An example occurs which might be of help. Let us say that the physics of the universe is such that in the Milky Way galaxy, carbon-based SAS's outnumber silicon-based SAS's by a trillion to one. Wouldn't we say that the inhabitants of that galaxy are more likely to find themselves as carbon-based? Now extrapolate this to any large, finite number of galaxies. The same likelihood will pertain. Now surely all the statistics don't just go out of the window if the universe happens to be infinite rather than large and finite?

Alastair

Well, it just does, for countable sets. This is what Cantor showed, and Lewis explains in his book. Cantor defines "same size" as a 1-to-1 pairing. Hence as there are infinite primes and infinite non-primes there are the same number (cardinality) of them:

(1,3), (2,4), (3,6), (5,8), (7,9), (11,12), (13,14), (17,15), (19,16) etc and so ad infinitum

You might say there are obviously "more" non-primes. This means that if you list the numbers in numerical sequence, you get fewer primes than non-primes in any finite sequence except a few very short ones. But in another sequence the answer is different:

(1,2,4) (3,5,6) (7,11,8) (13,17,9) etc ad infinitum.

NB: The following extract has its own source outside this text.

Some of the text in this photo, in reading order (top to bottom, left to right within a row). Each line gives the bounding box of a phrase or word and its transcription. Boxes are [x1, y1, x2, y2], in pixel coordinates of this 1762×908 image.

In this infinite sequence, each triple has two primes and only one non-prime. Hence there seem to be more primes than non-primes!

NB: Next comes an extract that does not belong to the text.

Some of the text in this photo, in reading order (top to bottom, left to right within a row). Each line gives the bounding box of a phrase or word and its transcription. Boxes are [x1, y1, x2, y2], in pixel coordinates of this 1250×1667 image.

For the continuum you can restore order by specifying a measure which just *defines* what fraction of real numbers between 0 & 1 you consider to lie in any interval. For instance the obvious uniform measure is that there are the same number between 0.1 and 0.2 as between 0.8 and 0.9 etc. Why pick any other measure? Well, suppose y = x^2. Then y is also between 0 and 1. But if we pick a uniform measure for x, the measure on y is non-uniform (y is more likely to be less than 0.5). If you pick a uniform measure on y, then x = sqrt(y) also has a non-uniform measure (more likely to be > 0.5).

A measure like this works for the continuum but not for the naturals because you can map the continuum onto a finite segment of the real line. In m6511 Russell Standish describes how a measure can be applied to the naturals which can't be converted into a probability. I must say, I'm not completely sure what that would be good for.